To Be a Machine: Adventures Among Cyborgs, Utopians, Hackers, and the Futurists Solving the Modest Problem of Death, by Mark O’Connell, Granta, 256 pp, £12.99, ISBN: 978-1783781966

In the eighteenth century John Locke neatly summarised a predicament facing the philosopher who wished to account for human consciousness. There exist two possibilities, Locke claimed, both of which seem inconceivable, one of which must be true. Either we are material machines that are somehow able to think, or we are immaterial, thinking entities somehow embedded in unconscious matter.

The first possibility raises the question how consciousness comes to be a property of what Locke’s contemporary Newton termed “brute and stupid” matter. In modern terms, if all the stuff that makes up the universe was spat out at the Big Bang, and has been morphing through different forms and arrangements ever since, how is it that some of that stuff gained awareness of its own existence, came to possess the power of thought? On the other hand, to hold the second position, what philosopher Gilbert Ryle called “the dogma of the Ghost in the Machine”, we will have to account for how it is that this immaterial mind-substance occupies and interacts with material bodies. What keeps the mind and body together? Why don’t my mind and yours swap bodies?

Mark O’Connell’s entertaining and thoughtful book tells the story of his encounters with self-described “transhumanists”, adherents of

a movement predicated on the conviction that we can and should use technology to control the future evolution of our species. It is the belief that we can and should eradicate aging as a cause of death; that we can and should use technology to augment our bodies and our minds; that we can and should merge with machines, remaking ourselves, finally, in the image of our own higher ideals.

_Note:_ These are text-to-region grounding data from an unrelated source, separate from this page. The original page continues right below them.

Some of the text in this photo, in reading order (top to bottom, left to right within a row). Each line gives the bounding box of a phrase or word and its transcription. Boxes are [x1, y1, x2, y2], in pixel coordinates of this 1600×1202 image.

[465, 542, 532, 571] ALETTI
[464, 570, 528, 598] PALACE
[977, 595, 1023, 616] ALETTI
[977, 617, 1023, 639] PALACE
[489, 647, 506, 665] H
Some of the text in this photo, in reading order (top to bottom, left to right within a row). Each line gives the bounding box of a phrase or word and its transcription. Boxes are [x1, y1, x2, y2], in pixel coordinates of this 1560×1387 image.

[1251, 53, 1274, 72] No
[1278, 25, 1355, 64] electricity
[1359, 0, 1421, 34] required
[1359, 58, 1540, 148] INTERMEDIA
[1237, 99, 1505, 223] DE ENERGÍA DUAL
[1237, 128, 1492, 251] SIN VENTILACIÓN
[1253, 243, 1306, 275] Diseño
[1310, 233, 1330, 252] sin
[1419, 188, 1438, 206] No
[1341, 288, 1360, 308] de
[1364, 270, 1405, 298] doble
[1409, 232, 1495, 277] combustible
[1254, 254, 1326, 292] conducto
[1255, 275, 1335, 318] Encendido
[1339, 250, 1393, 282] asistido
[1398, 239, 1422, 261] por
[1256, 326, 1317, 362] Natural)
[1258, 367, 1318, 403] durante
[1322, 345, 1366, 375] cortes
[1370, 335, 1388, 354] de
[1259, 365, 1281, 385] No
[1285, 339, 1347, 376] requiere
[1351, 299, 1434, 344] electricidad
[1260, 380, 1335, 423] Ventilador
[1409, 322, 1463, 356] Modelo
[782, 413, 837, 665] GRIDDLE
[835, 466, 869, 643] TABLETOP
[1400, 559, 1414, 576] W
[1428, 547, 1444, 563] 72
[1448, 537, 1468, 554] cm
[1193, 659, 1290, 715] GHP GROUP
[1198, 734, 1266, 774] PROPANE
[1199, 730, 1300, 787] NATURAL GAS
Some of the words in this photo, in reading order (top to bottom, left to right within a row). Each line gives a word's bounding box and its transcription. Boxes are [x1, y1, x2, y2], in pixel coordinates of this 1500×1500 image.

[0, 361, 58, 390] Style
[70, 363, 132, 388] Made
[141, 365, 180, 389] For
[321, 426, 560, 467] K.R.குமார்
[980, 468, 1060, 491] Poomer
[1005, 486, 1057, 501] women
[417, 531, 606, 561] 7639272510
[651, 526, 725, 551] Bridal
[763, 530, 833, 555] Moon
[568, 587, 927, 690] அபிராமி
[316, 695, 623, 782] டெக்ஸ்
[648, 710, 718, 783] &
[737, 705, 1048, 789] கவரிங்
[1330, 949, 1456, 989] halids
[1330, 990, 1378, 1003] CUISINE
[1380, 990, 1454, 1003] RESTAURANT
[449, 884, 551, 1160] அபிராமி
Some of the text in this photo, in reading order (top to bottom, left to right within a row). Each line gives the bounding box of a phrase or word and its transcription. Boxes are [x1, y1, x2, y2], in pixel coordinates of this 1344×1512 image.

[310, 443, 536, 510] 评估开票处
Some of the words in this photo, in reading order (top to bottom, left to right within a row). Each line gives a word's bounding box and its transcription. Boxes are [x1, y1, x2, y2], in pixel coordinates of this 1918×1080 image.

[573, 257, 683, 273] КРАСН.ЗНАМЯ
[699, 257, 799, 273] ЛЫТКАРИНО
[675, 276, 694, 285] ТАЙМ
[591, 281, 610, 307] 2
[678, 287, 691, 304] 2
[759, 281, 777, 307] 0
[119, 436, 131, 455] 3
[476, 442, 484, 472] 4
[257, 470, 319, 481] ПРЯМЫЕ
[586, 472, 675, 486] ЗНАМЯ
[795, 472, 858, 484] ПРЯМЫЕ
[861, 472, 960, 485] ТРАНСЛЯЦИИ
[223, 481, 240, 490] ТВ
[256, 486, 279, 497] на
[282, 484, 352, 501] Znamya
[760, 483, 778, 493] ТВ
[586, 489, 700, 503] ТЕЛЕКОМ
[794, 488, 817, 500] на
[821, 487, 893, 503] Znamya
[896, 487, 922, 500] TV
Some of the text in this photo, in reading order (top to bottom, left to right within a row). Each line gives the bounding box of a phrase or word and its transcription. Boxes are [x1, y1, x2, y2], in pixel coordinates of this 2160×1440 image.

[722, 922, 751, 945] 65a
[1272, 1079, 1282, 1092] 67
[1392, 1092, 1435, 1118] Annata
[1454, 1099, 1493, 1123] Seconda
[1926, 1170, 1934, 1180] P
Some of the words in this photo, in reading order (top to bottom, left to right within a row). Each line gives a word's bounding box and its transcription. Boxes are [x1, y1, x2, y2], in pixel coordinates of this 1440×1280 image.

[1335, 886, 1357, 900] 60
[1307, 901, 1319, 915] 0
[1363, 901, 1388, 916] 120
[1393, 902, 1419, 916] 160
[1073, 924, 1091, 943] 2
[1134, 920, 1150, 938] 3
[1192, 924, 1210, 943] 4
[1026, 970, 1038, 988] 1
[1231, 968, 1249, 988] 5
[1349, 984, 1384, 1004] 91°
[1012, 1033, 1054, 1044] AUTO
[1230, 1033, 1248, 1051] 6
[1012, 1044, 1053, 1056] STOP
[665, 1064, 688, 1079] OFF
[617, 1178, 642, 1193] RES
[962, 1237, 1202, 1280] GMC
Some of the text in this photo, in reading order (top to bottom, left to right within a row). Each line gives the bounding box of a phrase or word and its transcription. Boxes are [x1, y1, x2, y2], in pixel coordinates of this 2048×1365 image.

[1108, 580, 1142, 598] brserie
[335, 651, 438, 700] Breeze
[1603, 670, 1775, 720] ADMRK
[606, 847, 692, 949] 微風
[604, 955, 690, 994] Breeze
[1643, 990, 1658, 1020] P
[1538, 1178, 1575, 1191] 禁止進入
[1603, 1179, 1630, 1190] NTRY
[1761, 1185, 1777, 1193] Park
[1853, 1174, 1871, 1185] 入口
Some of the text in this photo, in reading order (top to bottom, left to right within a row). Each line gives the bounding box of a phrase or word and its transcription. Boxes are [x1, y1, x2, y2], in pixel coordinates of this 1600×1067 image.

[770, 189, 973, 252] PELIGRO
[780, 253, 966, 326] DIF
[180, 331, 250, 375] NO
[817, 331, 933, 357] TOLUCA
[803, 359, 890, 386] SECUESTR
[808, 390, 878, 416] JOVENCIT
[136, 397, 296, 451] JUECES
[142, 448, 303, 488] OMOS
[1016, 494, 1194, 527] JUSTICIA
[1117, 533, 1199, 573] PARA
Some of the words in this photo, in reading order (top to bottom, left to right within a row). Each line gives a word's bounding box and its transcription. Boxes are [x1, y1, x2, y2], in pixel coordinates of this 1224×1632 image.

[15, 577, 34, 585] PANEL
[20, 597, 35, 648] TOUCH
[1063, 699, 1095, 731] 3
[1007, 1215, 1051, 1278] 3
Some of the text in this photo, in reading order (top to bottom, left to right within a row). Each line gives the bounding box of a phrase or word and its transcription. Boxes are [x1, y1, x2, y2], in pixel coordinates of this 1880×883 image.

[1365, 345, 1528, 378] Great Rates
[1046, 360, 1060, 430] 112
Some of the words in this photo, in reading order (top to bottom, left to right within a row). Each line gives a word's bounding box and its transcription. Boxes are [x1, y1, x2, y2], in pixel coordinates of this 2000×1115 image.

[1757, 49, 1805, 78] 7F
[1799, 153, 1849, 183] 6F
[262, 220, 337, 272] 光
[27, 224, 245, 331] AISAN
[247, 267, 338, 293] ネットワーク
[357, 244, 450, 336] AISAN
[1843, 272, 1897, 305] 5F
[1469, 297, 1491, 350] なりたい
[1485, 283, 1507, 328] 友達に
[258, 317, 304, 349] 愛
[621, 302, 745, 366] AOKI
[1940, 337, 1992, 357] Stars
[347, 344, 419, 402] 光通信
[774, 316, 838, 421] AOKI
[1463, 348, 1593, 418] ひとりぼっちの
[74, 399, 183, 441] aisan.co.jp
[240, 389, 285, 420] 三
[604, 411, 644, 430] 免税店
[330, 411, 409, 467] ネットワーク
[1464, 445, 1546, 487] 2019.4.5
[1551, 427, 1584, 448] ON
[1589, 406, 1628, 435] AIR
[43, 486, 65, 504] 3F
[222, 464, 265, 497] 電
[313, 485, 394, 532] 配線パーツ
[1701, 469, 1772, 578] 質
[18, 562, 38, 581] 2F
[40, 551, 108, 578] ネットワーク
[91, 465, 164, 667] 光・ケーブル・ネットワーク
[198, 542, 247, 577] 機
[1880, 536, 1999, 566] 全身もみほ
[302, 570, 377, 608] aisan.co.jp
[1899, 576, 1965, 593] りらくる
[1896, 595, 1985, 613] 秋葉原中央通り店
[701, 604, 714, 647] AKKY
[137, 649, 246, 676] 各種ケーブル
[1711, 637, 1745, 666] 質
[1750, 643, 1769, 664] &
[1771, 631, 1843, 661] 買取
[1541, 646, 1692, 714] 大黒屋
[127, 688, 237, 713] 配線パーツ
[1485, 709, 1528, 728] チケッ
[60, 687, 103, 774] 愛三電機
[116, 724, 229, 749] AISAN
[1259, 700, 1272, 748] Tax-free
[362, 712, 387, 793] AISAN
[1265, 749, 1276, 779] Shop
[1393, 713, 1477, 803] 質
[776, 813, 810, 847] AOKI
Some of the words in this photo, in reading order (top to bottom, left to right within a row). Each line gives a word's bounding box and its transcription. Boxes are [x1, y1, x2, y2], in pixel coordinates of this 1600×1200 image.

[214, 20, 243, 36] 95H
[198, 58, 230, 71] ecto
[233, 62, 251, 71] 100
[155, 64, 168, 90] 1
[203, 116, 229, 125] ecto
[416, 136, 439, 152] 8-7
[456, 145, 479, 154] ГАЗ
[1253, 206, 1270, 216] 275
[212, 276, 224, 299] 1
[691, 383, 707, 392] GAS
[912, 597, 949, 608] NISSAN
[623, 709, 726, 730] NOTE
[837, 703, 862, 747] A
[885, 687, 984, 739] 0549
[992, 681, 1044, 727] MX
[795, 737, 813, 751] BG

Some of the characters we meet make themselves the vanguard of the coming race of cyborgs by performing surgery on their own bodies to insert technological implants into the flesh. Some pursue the quaint twentieth century notion of cryonics, preserving the recently deceased in the expectation of being able to resurrect them eventually (soon – like millenarians through the ages, transhumanists are convinced they will be around to witness the raising of the dead and the life of the world to come). Others join the war on death by targeting the eradication of bodily aging, believing that it will be possible in their lifetime to reverse the degeneration of organic cells and achieve immortality. The objection that it is the finity of life that makes it meaningful is dismissed as an expression of the pervasive “deathist ideology”.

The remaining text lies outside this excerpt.